Conflicts of Interest: The authors have no conflicts of interest to declare.

Figures

Figure 1
Figure 1
Laparoscopic extragastric approach to a submucosal tumor on the posterior wall of cardia. (A) A GIST on the posterior wall of the cardia at 3 cm from EGJ is visualized by dividing the omentum and flipping the stomach over. This part can be approached from outside the stomach and not indicated for PEIGS; (B) the same tumor with Figure 1A is being wedge-resected by CLEAN-NET method with an endosurgical stapler.
Figure 2
Figure 2
The access routes of conventional percutaneous endoscopic intragastric surgery. (A) The port sites in original PEIGS; A 12 mm in navel, a 5 mm in left subcostal margin, and a 5 mm between them; (B) peroral endoscopic view in Original PEIGS; three ports percutaneously inserted into the gastric cavity are seen.
Figure 3
Figure 3
The operative technique of conventional percutaneous endoscopic intragastric surgery. (A) Percutaneous gastroscopic view in original PEIGS demonstrates a croissant-shape GIST measuring 4 cm in diameter at exact EGJ. Two 5 mm instruments are used to enucleate the tumor; (B) the enucleation needs meticulous dissection with attention not to break the surface of the tumor (pseudocapsule); (C) the defect after enucleation usually reaches the perigastric fat tissue.
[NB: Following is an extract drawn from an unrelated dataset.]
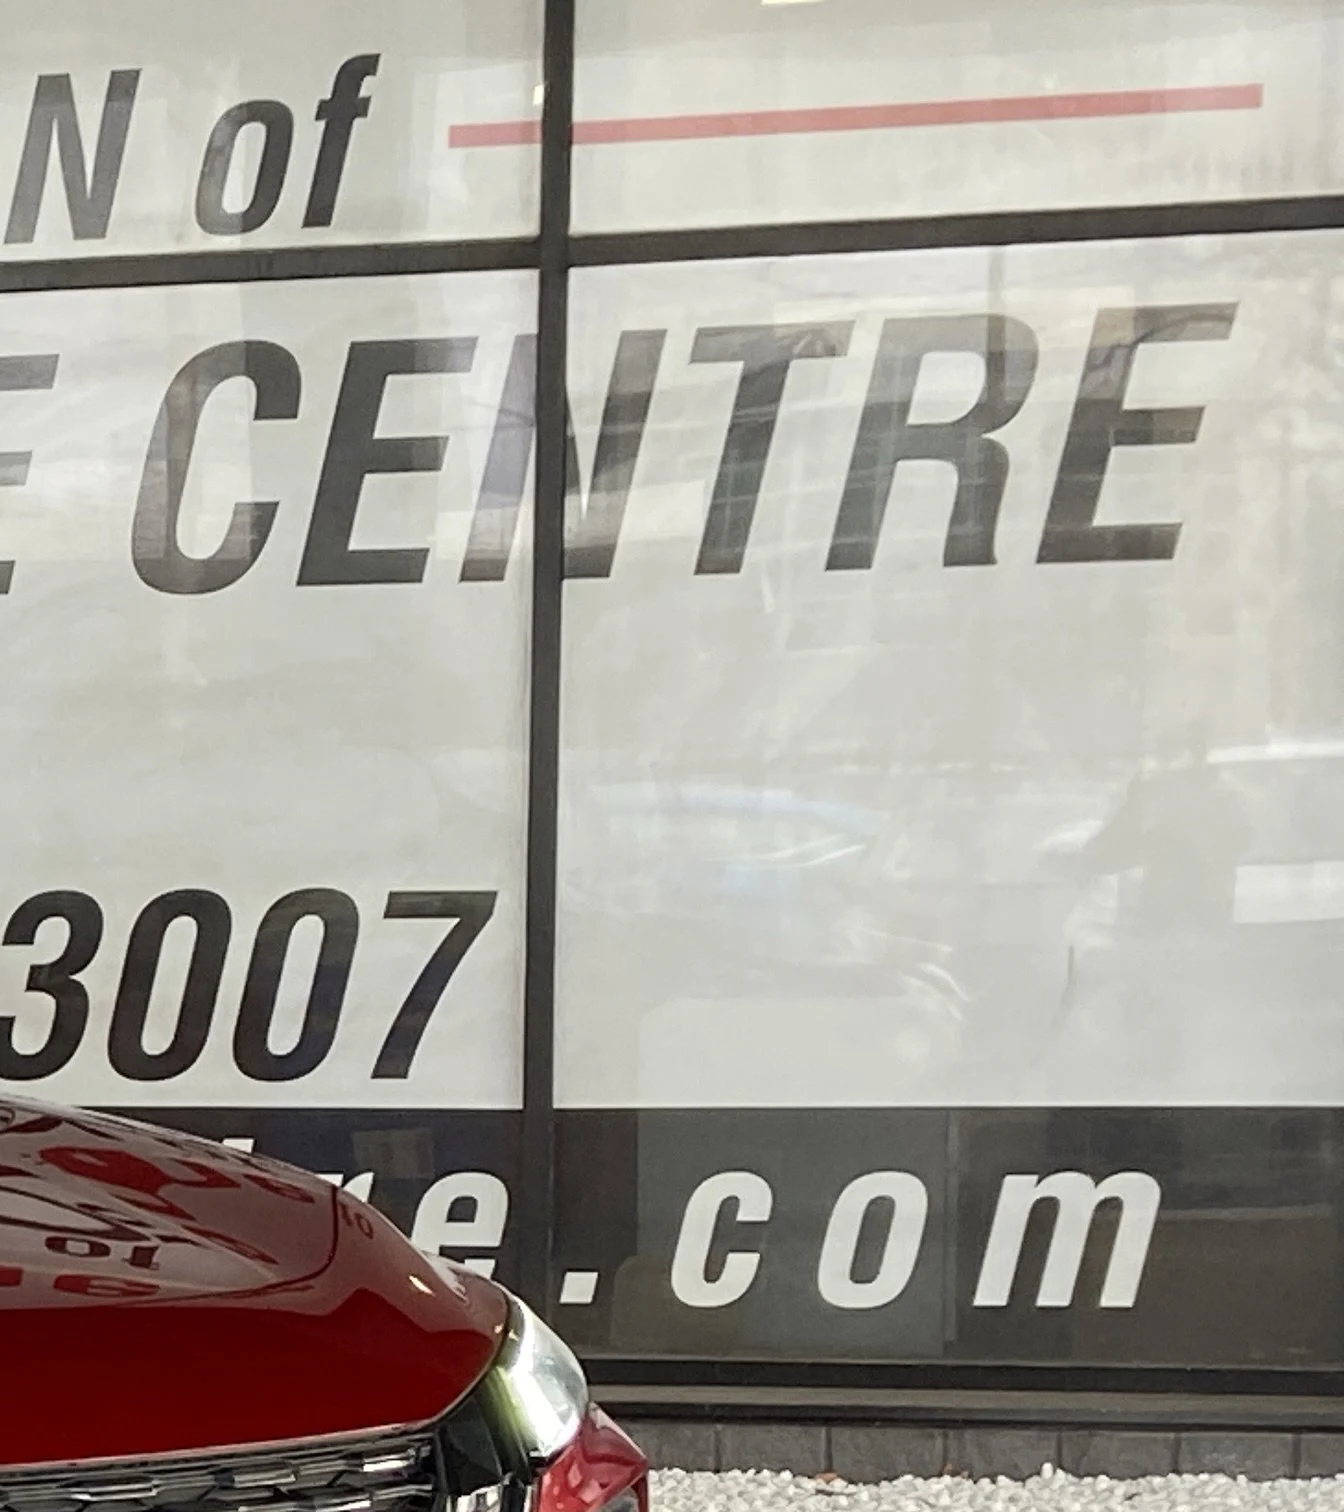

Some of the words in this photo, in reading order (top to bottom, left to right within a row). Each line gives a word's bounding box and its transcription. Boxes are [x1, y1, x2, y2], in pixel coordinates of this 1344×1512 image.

The muscle layers of esophagus and stomach must be precisely re-approximated by hand-sew; (D) the closure of the defect is carried out by hand-sew by interrupted sutures with 3-0 absorbable monofilament. The stitches are in radial direction to avoid stenosis. (E) the specimen is entrapped in a plastic bag and extracted via esophago-oral route with an aid of intraoperative endoscopy; (F) the three stab-wounds on the anterior gastric wall are closed by hand-sew.
Figure 4
Figure 4
The access routes of single incision percutaneous endoscopic intragastric surgery. (A) The port sites in single incision PEIGS; a 2.5 cm incision in the navel and a 2 mm puncture in the left subcostal margin; (B) a 2.5 cm gastrostomy is constructed by opening the anterior wall of the lower gastric body, fixed to the parietal incision in the navel; (C) X-Gate® (a multichannel port for single incision endoscopic surgery) is fixed in the gastrostomy, through which a 5 mm telescope and a 5 mm instrument are brought in. In addition a 2 mm port is punctured in the left upper quadrant for the passage for 2 mm instruments.
Figure 5
Figure 5
The operative technique of single incision percutaneous endoscopic intragastric surgery. (A) A typical indication for single incision PEIGS. A 4 cm croissant-shaped GIST, 1/2 circumferentially occupying the exact EGJ. A 5 mm forceps and a 2 mm electro cautery hook are also visualized; (B) the full-thickness wall defect of EGJ after enucleation. The edges of muscular layers both of esophagus and stomach are seen; (C) the defect is being closed by hand-sew by interrupted suture. The operator is required to use left hand to drive the needle holder; (D) closure of the defect by hand-sew is being completed. As all stitches are in radial direction, risk of stenosis is minimized; (E) the specimen is entrapped in a plastic bag and extracted via x-Gate®; (F) the gastrostomy is revised by extracorporeal suturing.
Figure 6
Figure 6
The access routes of needlescopic percutaneous endoscopic intragastric surgery. (A) The port-sites in needlescopic PEIGS; a 5 mm in the navel, a 2mm in the left subcostal margin, and a 2 mm between them; (B) needlescopic PEIGS is carried out with a 5 mm telescope and two 2 mm instruments.
Figure 7
Figure 7
The operative technique of needlescopic percutaneous endoscopic intragastric surgery. (A) A typical indication for needlescopic PEIGS; a 2.5 cm GIST at EGJ; (B) a 2.5 cm GIST is being enucleated with a 2 mm grasper (BJ Needle®) and a 2mm high-frequency hook (BJ Hook®); (C) after enucleation of GIST at EGJ a half circular anastomosis is performed by hand-sew with a 2 mm needle holder (BJ Pico®) and another 2 mm grasper; (D) the specimen is entrapped in a home-made retrieval bag, which is eventually extracted via esophago-oral route by peroral flexible endoscope.